The Clash had honed a response to the angst of the time—represented in songs like "Lost In The Supermarket," and "Working For The Clampdown".  But the real battle, The Clash had realized, was against our own fantasy of rebellion—that mythic rebellion characterized in "The Guns Of Brixton."


When they kick at your front door

How you gonna come?


Like many, I imagine that teenager in me is still waiting—dreaming of the falling door....
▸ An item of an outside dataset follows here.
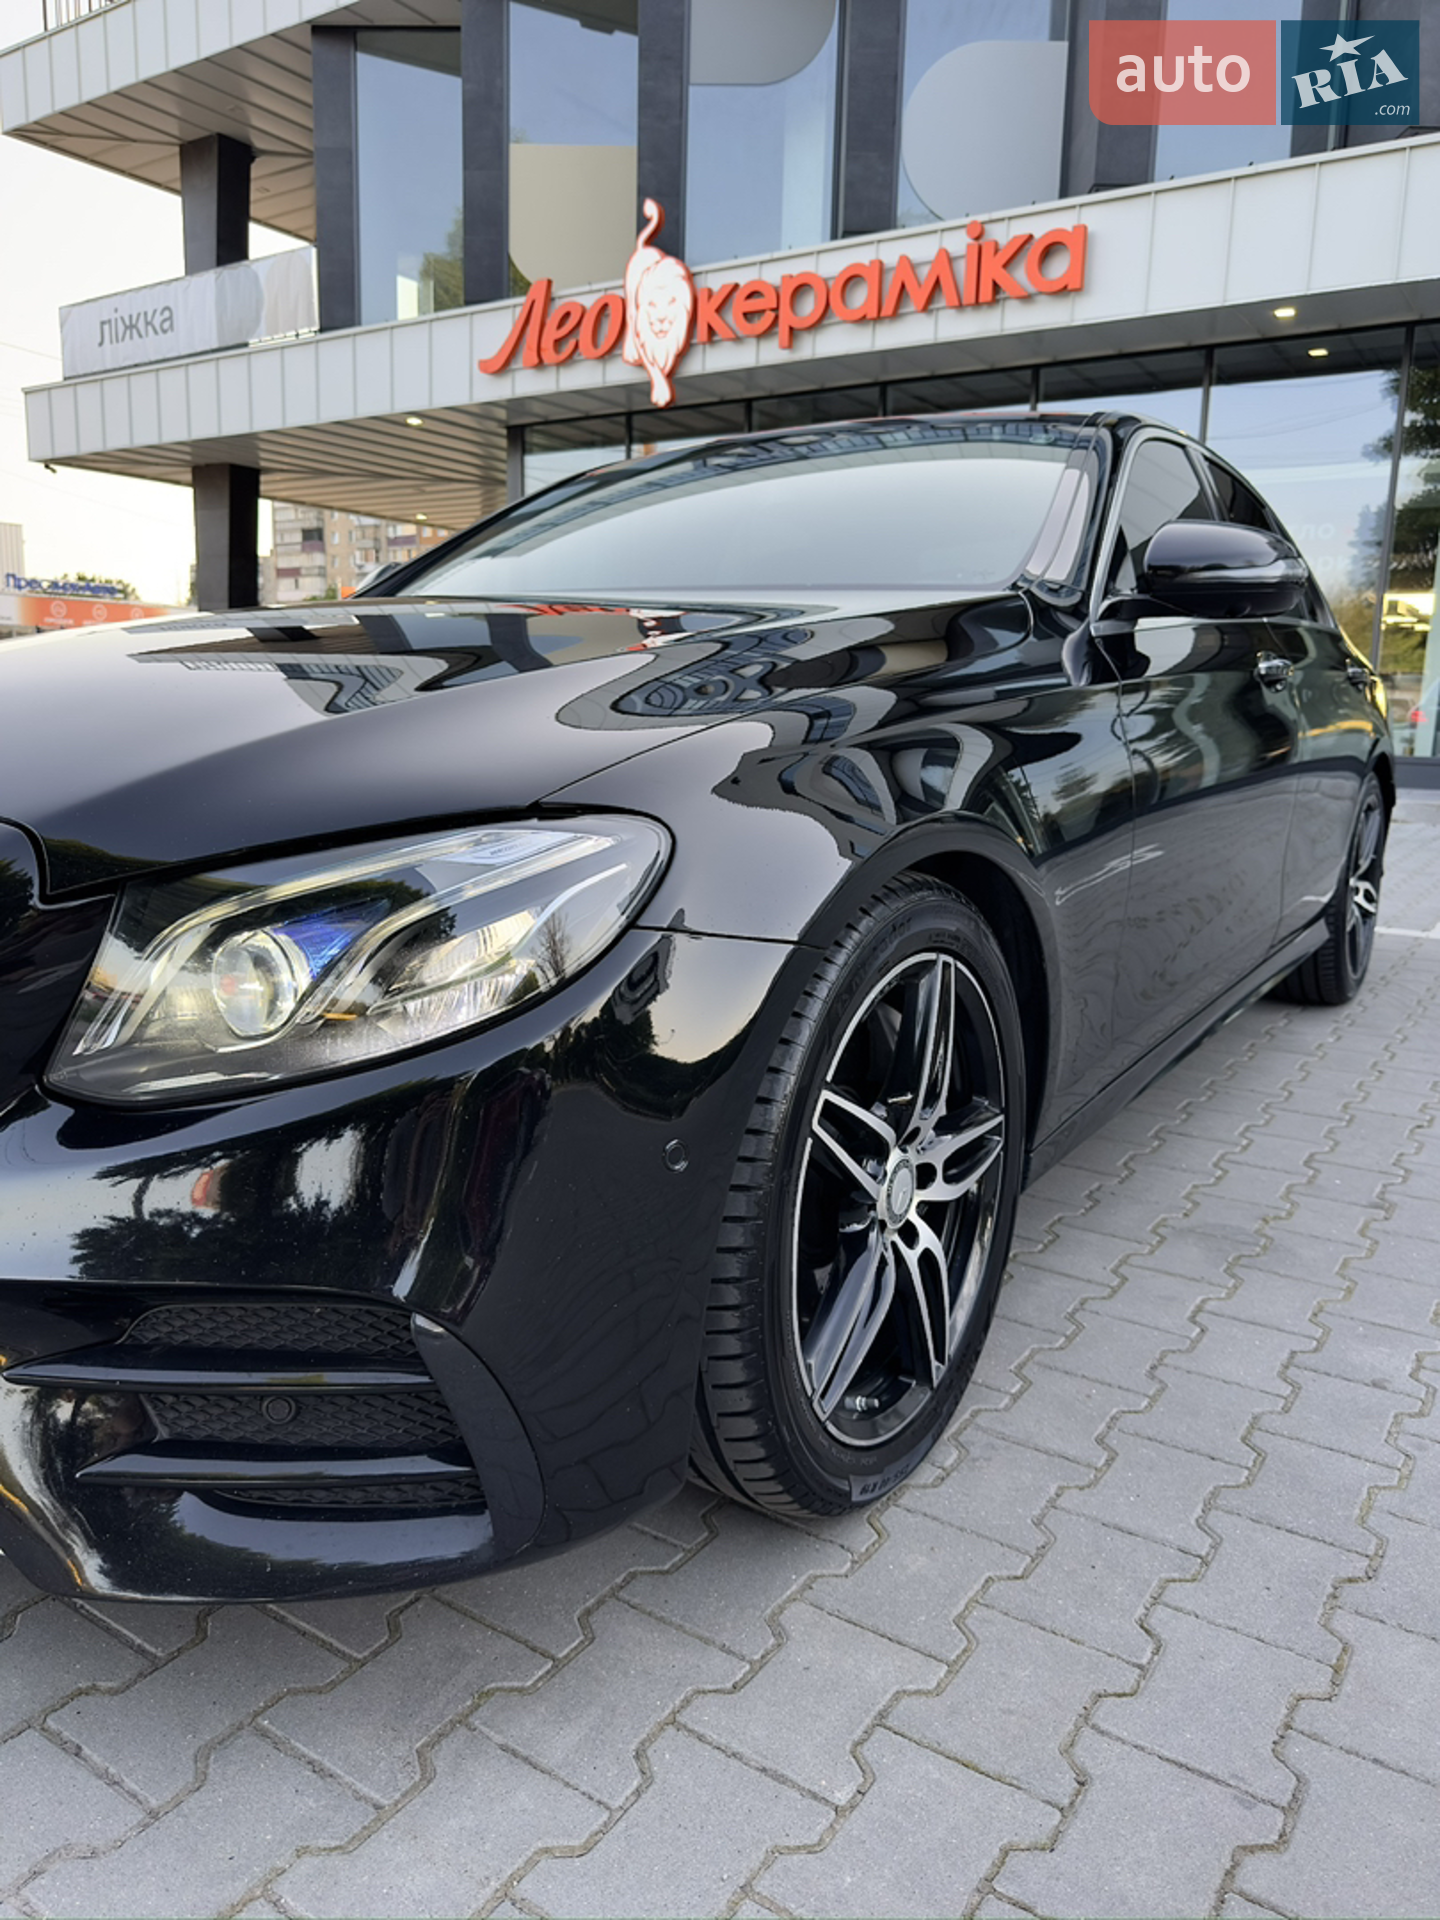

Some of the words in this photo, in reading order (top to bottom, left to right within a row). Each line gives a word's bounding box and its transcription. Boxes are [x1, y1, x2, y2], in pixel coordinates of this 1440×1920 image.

[98, 305, 175, 348] ліжка
[478, 278, 626, 375] Лео
[696, 220, 1088, 349] кераміка
The truth, of course, now, as it was then, is that waiting isn’t enough.  And however consciously, we all knew that The Clash was singing to the tragedy and legend of our own failure.  In the songs, "Death or Glory" and "Four Horsemen," every note played, and word sung, speaks directly to this awareness of the con—the fraud we were perpetuating on even ourselves.  And today, with my generation slowly taking the helm—what do we have?  Disco lives on in dance-music and rap so sharp and so smooth—and so without tooth.  And the pre-rock’n roll ballad has returned to the fore in a new rockish format.  And even the littlle rock’n roll that’s left is casually tendered as a form of societal initiation.  The only comfort that we can take in the death of rock’n roll, is that most of us probably died right along with it.  And the Clash made sense of it all.  Basements and streets as dingy as our own optimism.  Handclaps and beats as dragging as our own footsteps through the inevitability of our lives.  And a music of endless defiance, and endless surrender.  


That’s just the beat of time—the beat that must go on

If you been trying for years—then we already heard your song. 

     —Death or Glory

 

So the Clash is on the greatest-album list.  In the end they get us all.